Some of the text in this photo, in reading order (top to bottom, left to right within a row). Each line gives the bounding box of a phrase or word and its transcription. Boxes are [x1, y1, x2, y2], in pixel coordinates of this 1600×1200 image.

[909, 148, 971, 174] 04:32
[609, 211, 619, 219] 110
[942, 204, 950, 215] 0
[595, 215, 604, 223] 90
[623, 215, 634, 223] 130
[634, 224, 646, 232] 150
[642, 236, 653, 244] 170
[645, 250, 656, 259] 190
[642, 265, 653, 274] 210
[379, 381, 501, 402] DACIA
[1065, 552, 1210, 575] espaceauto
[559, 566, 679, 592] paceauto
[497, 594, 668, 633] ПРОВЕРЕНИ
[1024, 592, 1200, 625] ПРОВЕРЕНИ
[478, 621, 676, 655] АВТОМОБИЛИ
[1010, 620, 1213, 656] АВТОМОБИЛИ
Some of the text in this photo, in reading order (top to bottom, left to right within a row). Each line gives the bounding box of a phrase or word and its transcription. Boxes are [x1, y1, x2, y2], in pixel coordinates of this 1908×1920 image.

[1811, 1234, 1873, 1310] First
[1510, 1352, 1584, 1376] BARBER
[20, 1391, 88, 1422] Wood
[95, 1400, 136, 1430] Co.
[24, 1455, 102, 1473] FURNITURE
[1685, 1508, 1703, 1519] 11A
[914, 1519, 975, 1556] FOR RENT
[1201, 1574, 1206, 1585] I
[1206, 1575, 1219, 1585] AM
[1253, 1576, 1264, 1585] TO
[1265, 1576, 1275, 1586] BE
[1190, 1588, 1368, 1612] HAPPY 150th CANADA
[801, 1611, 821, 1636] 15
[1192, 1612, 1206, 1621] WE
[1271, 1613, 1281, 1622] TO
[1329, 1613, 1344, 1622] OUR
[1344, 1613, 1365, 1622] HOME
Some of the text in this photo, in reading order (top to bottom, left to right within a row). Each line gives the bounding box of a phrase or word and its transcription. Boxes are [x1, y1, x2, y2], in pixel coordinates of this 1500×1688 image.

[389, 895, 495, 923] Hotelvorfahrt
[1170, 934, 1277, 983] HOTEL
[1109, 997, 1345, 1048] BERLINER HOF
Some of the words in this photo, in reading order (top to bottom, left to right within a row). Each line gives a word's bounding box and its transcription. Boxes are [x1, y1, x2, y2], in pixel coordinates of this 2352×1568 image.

+---+

[TASK DESCRIPTION] The answer is to be the lines from the one holding "this 1500×1688 image." through the end of the data above, transcribed character for character, both ends included.

[THE COMPLETED TASK]
Some of the text in this photo, in reading order (top to bottom, left to right within a row). Each line gives the bounding box of a phrase or word and its transcription. Boxes are [x1, y1, x2, y2], in pixel coordinates of this 1500×1688 image.

[389, 895, 495, 923] Hotelvorfahrt
[1170, 934, 1277, 983] HOTEL
[1109, 997, 1345, 1048] BERLINER HOF
Some of the words in this photo, in reading order (top to bottom, left to right within a row). Each line gives a word's bounding box and its transcription. Boxes are [x1, y1, x2, y2], in pixel coordinates of this 2352×1568 image.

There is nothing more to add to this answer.